Generates dicts of keyword arguments that can be passed to Manager.execute to run a function in chunks of size <chunksize>. This may be useful for distributing tasks to workers to execute in parallel. Each dict will contain the projection, scale, bounding box, and buffer. Attributes will be identical except for
proj_bounds
which define the area to analyze.Note
manager.chunk_execute(f)
is equivalent to(manager.execute(f, **params) for params in manager.chunk_params())
- Parameters:
chunksize (int) – Size of the chunks in pixels (excluding buffer).
**kwargs – optional additional keyword arguments to save to the dict (to eventually pass to Manager.execute) e.g.
f
,f_args
,f_kwargs
- Yields:
Dicts of keyword arguments that can be passed to
cog_worker.manager.Manager.execute()
.
- chunk_save(dst: str | IO, f: Callable[[Worker], ndarray] | Callable, f_args: Iterable | None = None, f_kwargs: Mapping | None = None, chunksize: int = 512, **kwargs)[source]¶
Execute a function in chunks and write each chunk to disk as it is completed.

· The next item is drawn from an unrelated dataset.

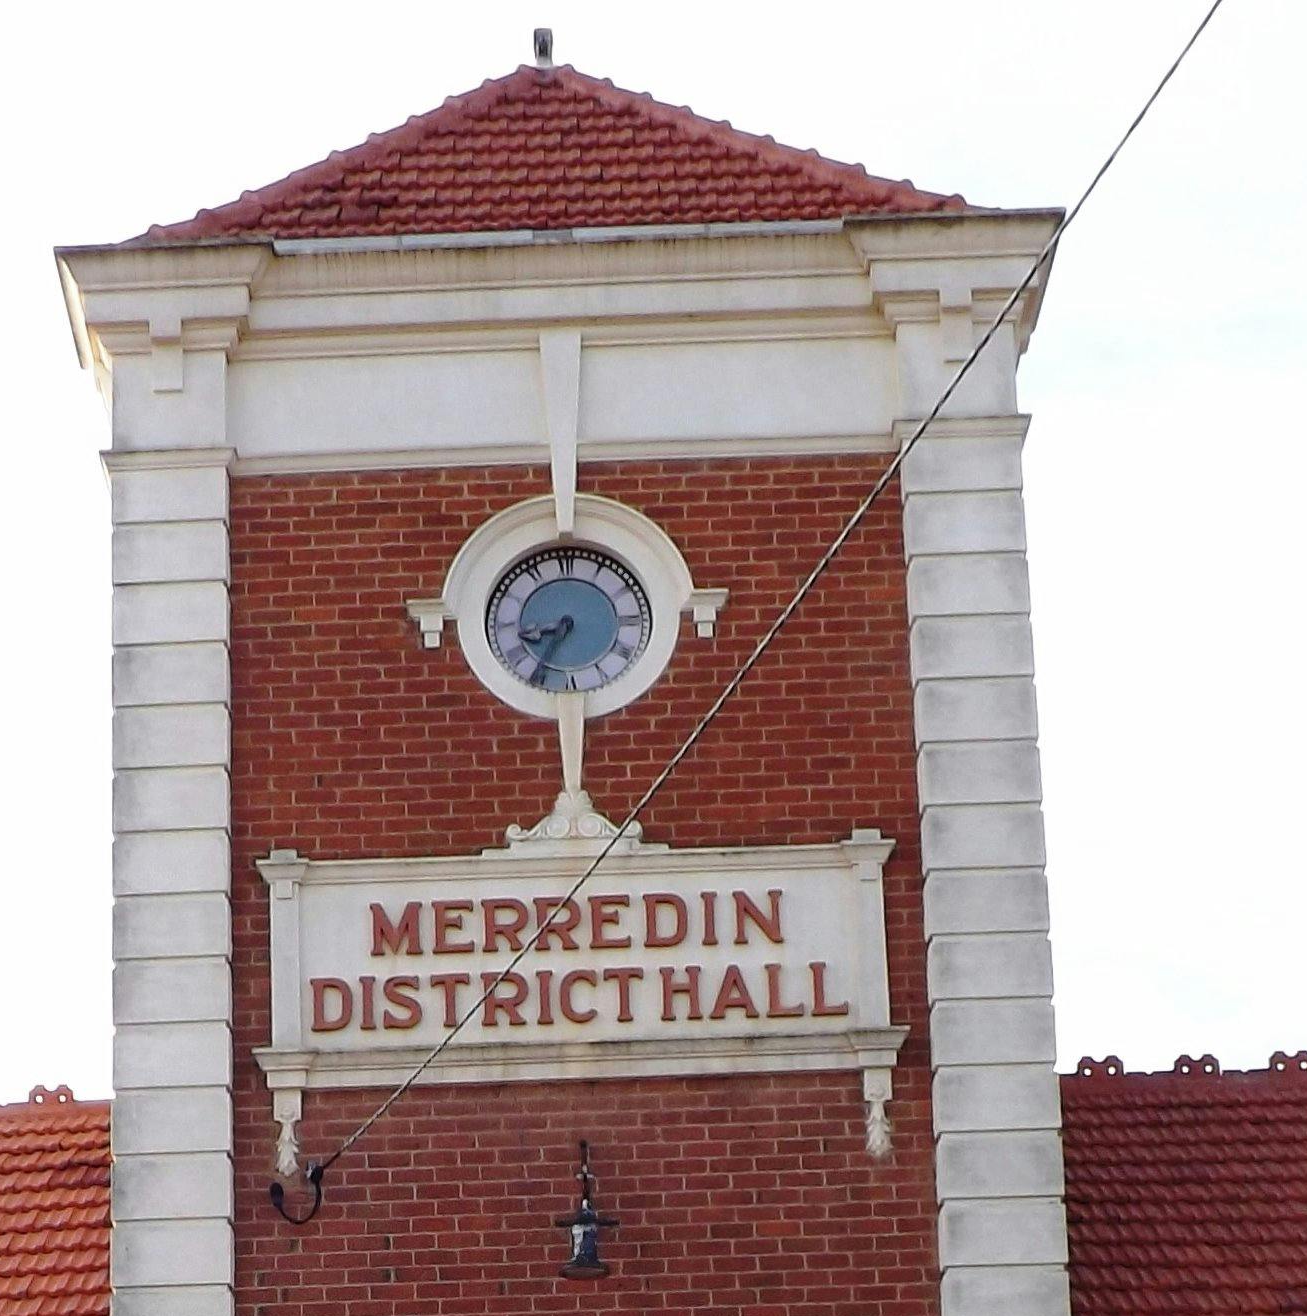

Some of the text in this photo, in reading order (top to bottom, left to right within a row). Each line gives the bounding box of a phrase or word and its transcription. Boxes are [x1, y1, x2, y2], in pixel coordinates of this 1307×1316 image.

[369, 889, 785, 956] MERREDIN
[309, 961, 850, 1032] DISTRICT HALL
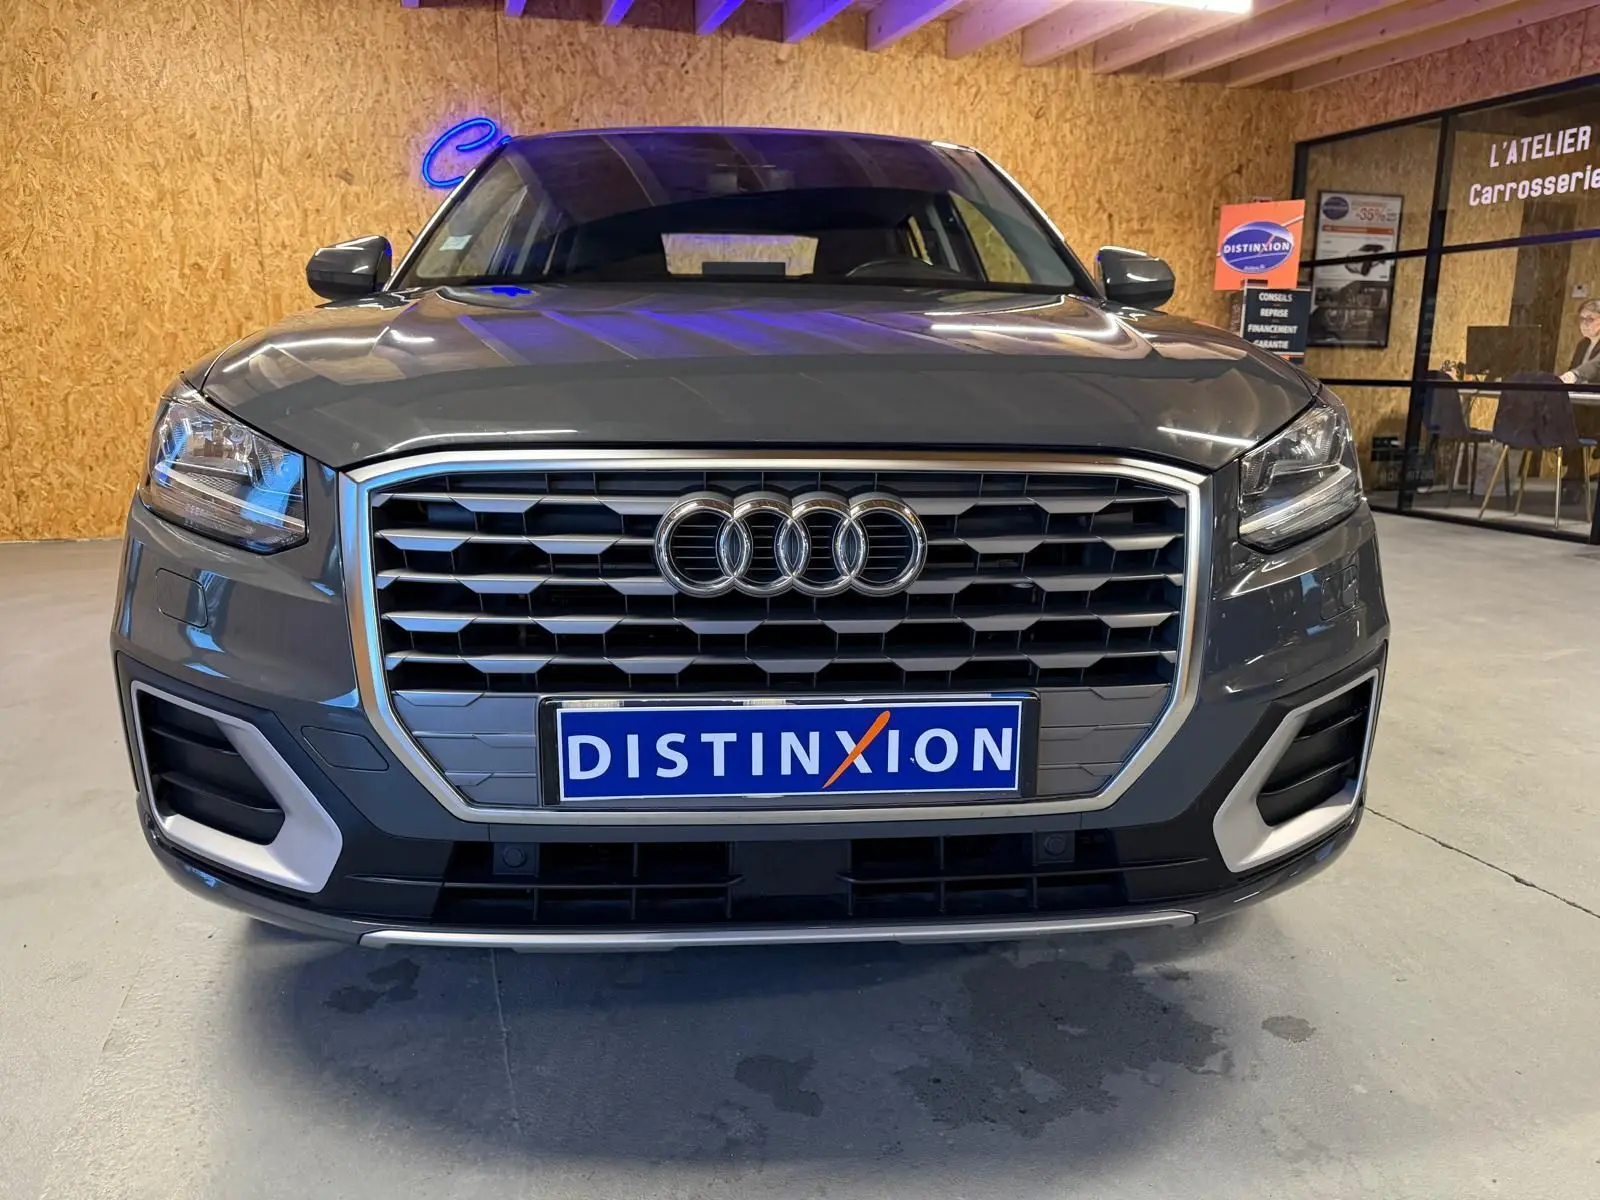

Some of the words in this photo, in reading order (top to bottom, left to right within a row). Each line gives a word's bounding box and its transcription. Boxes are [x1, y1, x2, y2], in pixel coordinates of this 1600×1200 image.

The chunk_save method is identical to Manager.chunk_execute, except it writes results to
dst
instead of yielding them. Manager.chunk_save uses the rasterio GeoTiff driver.Note
The function to be executed will recieve a cog_worker.worker.Worker as its first argument and should return a 3-dimensional numpy array of
chunksize
(optionally plus the buffer pixels). e.g.:# Read a cog in chunks and write those chunks to 'test.tif' manager.chunk_save('test.tif', lambda worker: worker.read('example-cog-url.tif'))
- Parameters:
dst (str) – The file path to write to.
f (
cog_worker.types.WorkerFunction
) – The function to execute. The function will recieve a cog_worker.worker.Worker as its first argument and must return a 3-dimensional numpy array ofchunksize
(including or excluding the buffer).f_args (list) – Additional arguments to pass to the function.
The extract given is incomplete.